See Also: 'Forbidden Fruit' Episode Guide


Two officers run across a man dumping the body of a woman into a car trunk. They go after him and in the process of climbing a fence in an attempt to flee, the young man is killed. Mac Taylor shops in a convenience store and runs into Ella McBride (last seen in "Dead Inside"), whose mother killed her father. Ella asks Mac out to breakfast, but he gets a call to a crime scene. He meets Danny and Flack by the car; the man the police shot is identified as Tony Clark, while Danny finds car registration forms belonging to Isabelle Vaughn, giving them an ID for their victim. Danny uncovers a bright red stain on the driver's side carpet, and recovers Tony's cell phone with a fresh text reading, "Is it done yet?" There's no corresponding stain on Tony's shoe, suggesting a second person is involved. The bodies are brought to the morgue where Sid begins the autopsies and is shocked to discover Isabelle's organs have literally liquefied. Sid tells Hawkes that both victims consumed some decidedly odd cuisine, from raw onions to dandelions to citrus peels, but Isabelle consumed large amounts of sodium hydroxide, which killed her.

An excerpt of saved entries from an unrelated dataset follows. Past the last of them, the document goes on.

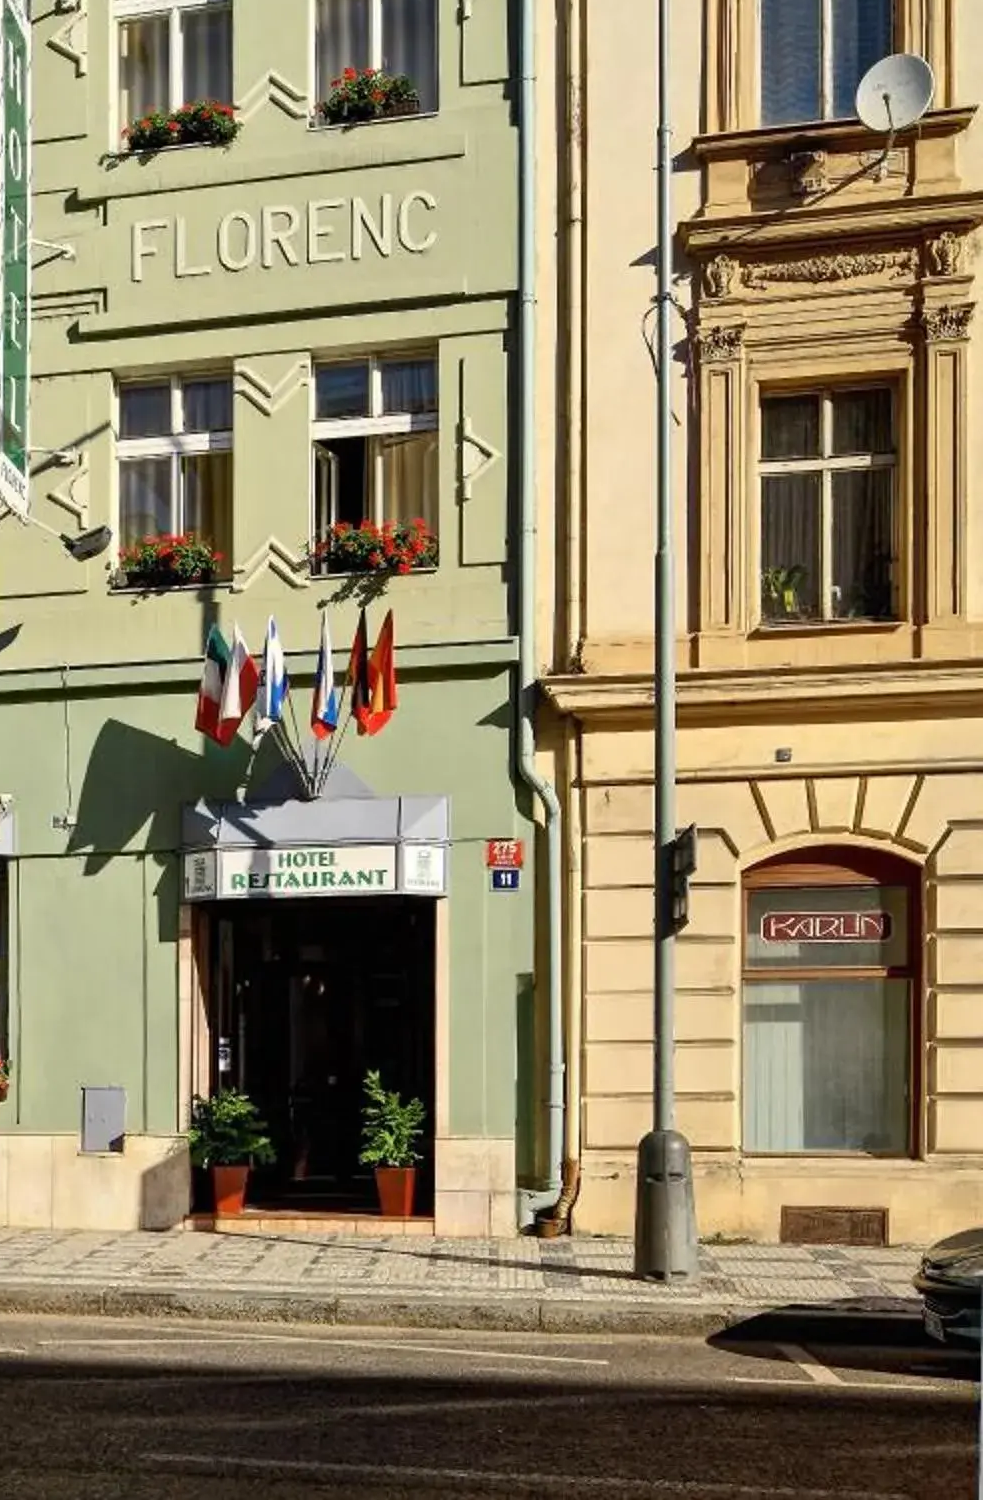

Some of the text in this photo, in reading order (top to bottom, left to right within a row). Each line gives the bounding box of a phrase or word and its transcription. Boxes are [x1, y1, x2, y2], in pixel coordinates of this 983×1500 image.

[8, 39, 23, 432] HOTEL
[131, 190, 438, 282] FLORENC
[278, 851, 337, 867] HOTEL
[231, 869, 388, 889] RESTAURANT
[501, 873, 512, 886] 11

Adam tells Danny he discovered the substance under Isabelle's fingernails is elephant dung. He tries to give Danny financial advice, but Danny is distracted when Lindsay comes to tell him the baby kicked. Lindsay heads off to show Mac a discovery she's made: the trace on the car carpet was from a red berry that alters taste buds, explaining the odd cuisine Isabelle and Tony ingested. Flack gets an ID from the phone company for the person who sent Tony the text: Quincy Feeney. The young woman tells Mac and Flack that she barely knew Isabelle, a famous handbag designer. She claims Isabelle's death was accidental and that she and Tony were simply trying to get rid of the woman's body, knowing that her death at Tony's party made them look suspicious. At Tony's apartment, Danny and Hawkes find the primary crime scene in the bathroom, where the sink is filled with Isabelle's blood. Danny finds drain cleaner and wonders if it is the murder weapon.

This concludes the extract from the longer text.